(Task inputs begins)

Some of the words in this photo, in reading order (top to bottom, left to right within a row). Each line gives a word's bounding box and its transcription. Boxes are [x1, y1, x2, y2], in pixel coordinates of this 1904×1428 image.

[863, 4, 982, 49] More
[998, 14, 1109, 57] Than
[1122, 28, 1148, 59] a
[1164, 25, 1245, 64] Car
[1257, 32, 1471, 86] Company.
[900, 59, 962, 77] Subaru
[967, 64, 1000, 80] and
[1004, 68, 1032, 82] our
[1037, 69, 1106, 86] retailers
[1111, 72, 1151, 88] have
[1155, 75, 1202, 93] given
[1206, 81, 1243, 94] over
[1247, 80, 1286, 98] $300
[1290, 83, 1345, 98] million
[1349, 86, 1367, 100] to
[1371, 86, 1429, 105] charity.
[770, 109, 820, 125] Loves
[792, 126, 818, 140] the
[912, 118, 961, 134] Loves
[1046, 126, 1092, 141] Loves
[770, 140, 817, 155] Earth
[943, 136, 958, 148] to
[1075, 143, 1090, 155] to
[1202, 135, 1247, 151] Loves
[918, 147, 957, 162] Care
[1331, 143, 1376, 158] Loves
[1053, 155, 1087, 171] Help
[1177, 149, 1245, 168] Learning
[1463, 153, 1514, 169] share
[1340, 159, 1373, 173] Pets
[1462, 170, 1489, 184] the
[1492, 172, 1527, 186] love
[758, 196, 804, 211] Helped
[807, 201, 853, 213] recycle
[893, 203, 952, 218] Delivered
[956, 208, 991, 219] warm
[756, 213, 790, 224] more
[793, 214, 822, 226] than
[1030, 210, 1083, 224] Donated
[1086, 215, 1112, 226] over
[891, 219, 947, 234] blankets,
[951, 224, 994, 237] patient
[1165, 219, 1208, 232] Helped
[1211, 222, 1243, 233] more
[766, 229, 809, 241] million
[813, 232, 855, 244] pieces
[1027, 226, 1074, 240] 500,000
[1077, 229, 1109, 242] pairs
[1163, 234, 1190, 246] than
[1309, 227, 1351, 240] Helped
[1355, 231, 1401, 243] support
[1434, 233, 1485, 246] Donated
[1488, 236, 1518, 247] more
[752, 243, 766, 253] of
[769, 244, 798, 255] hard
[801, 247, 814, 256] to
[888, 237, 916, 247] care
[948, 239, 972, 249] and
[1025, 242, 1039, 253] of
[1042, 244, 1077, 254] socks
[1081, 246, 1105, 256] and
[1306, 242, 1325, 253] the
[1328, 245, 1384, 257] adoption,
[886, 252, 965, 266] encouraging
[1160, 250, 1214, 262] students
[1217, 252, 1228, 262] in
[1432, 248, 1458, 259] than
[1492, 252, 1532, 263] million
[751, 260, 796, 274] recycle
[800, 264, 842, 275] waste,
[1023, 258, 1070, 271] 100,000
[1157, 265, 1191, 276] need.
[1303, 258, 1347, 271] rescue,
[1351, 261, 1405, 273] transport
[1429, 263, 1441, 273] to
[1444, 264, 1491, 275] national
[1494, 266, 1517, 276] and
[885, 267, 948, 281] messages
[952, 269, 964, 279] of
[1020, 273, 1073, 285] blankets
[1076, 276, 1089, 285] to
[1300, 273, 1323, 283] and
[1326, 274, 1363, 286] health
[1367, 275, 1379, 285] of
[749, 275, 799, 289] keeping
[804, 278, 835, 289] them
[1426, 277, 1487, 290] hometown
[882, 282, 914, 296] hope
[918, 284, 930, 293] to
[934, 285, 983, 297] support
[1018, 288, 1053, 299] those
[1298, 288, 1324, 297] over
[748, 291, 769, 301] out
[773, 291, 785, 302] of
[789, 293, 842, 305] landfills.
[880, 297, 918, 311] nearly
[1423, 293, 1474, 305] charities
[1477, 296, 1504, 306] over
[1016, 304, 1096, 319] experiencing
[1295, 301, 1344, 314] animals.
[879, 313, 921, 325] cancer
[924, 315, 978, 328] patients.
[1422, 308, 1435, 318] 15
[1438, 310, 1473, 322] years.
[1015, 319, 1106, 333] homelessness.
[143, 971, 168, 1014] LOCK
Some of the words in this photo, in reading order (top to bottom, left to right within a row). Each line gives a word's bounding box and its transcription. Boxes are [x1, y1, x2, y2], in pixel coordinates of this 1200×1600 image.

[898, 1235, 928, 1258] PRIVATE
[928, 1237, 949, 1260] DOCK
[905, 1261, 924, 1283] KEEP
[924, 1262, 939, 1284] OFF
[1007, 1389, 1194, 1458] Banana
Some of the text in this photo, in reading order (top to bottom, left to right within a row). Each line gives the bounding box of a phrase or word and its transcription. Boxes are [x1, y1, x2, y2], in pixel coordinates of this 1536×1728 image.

(Task inputs ends)

Task goal –
Copy out the data above, word for word.

Answer for this exercise –
Some of the words in this photo, in reading order (top to bottom, left to right within a row). Each line gives a word's bounding box and its transcription. Boxes are [x1, y1, x2, y2], in pixel coordinates of this 1904×1428 image.

[863, 4, 982, 49] More
[998, 14, 1109, 57] Than
[1122, 28, 1148, 59] a
[1164, 25, 1245, 64] Car
[1257, 32, 1471, 86] Company.
[900, 59, 962, 77] Subaru
[967, 64, 1000, 80] and
[1004, 68, 1032, 82] our
[1037, 69, 1106, 86] retailers
[1111, 72, 1151, 88] have
[1155, 75, 1202, 93] given
[1206, 81, 1243, 94] over
[1247, 80, 1286, 98] $300
[1290, 83, 1345, 98] million
[1349, 86, 1367, 100] to
[1371, 86, 1429, 105] charity.
[770, 109, 820, 125] Loves
[792, 126, 818, 140] the
[912, 118, 961, 134] Loves
[1046, 126, 1092, 141] Loves
[770, 140, 817, 155] Earth
[943, 136, 958, 148] to
[1075, 143, 1090, 155] to
[1202, 135, 1247, 151] Loves
[918, 147, 957, 162] Care
[1331, 143, 1376, 158] Loves
[1053, 155, 1087, 171] Help
[1177, 149, 1245, 168] Learning
[1463, 153, 1514, 169] share
[1340, 159, 1373, 173] Pets
[1462, 170, 1489, 184] the
[1492, 172, 1527, 186] love
[758, 196, 804, 211] Helped
[807, 201, 853, 213] recycle
[893, 203, 952, 218] Delivered
[956, 208, 991, 219] warm
[756, 213, 790, 224] more
[793, 214, 822, 226] than
[1030, 210, 1083, 224] Donated
[1086, 215, 1112, 226] over
[891, 219, 947, 234] blankets,
[951, 224, 994, 237] patient
[1165, 219, 1208, 232] Helped
[1211, 222, 1243, 233] more
[766, 229, 809, 241] million
[813, 232, 855, 244] pieces
[1027, 226, 1074, 240] 500,000
[1077, 229, 1109, 242] pairs
[1163, 234, 1190, 246] than
[1309, 227, 1351, 240] Helped
[1355, 231, 1401, 243] support
[1434, 233, 1485, 246] Donated
[1488, 236, 1518, 247] more
[752, 243, 766, 253] of
[769, 244, 798, 255] hard
[801, 247, 814, 256] to
[888, 237, 916, 247] care
[948, 239, 972, 249] and
[1025, 242, 1039, 253] of
[1042, 244, 1077, 254] socks
[1081, 246, 1105, 256] and
[1306, 242, 1325, 253] the
[1328, 245, 1384, 257] adoption,
[886, 252, 965, 266] encouraging
[1160, 250, 1214, 262] students
[1217, 252, 1228, 262] in
[1432, 248, 1458, 259] than
[1492, 252, 1532, 263] million
[751, 260, 796, 274] recycle
[800, 264, 842, 275] waste,
[1023, 258, 1070, 271] 100,000
[1157, 265, 1191, 276] need.
[1303, 258, 1347, 271] rescue,
[1351, 261, 1405, 273] transport
[1429, 263, 1441, 273] to
[1444, 264, 1491, 275] national
[1494, 266, 1517, 276] and
[885, 267, 948, 281] messages
[952, 269, 964, 279] of
[1020, 273, 1073, 285] blankets
[1076, 276, 1089, 285] to
[1300, 273, 1323, 283] and
[1326, 274, 1363, 286] health
[1367, 275, 1379, 285] of
[749, 275, 799, 289] keeping
[804, 278, 835, 289] them
[1426, 277, 1487, 290] hometown
[882, 282, 914, 296] hope
[918, 284, 930, 293] to
[934, 285, 983, 297] support
[1018, 288, 1053, 299] those
[1298, 288, 1324, 297] over
[748, 291, 769, 301] out
[773, 291, 785, 302] of
[789, 293, 842, 305] landfills.
[880, 297, 918, 311] nearly
[1423, 293, 1474, 305] charities
[1477, 296, 1504, 306] over
[1016, 304, 1096, 319] experiencing
[1295, 301, 1344, 314] animals.
[879, 313, 921, 325] cancer
[924, 315, 978, 328] patients.
[1422, 308, 1435, 318] 15
[1438, 310, 1473, 322] years.
[1015, 319, 1106, 333] homelessness.
[143, 971, 168, 1014] LOCK
Some of the words in this photo, in reading order (top to bottom, left to right within a row). Each line gives a word's bounding box and its transcription. Boxes are [x1, y1, x2, y2], in pixel coordinates of this 1200×1600 image.

[898, 1235, 928, 1258] PRIVATE
[928, 1237, 949, 1260] DOCK
[905, 1261, 924, 1283] KEEP
[924, 1262, 939, 1284] OFF
[1007, 1389, 1194, 1458] Banana
Some of the text in this photo, in reading order (top to bottom, left to right within a row). Each line gives the bounding box of a phrase or word and its transcription. Boxes are [x1, y1, x2, y2], in pixel coordinates of this 1536×1728 image.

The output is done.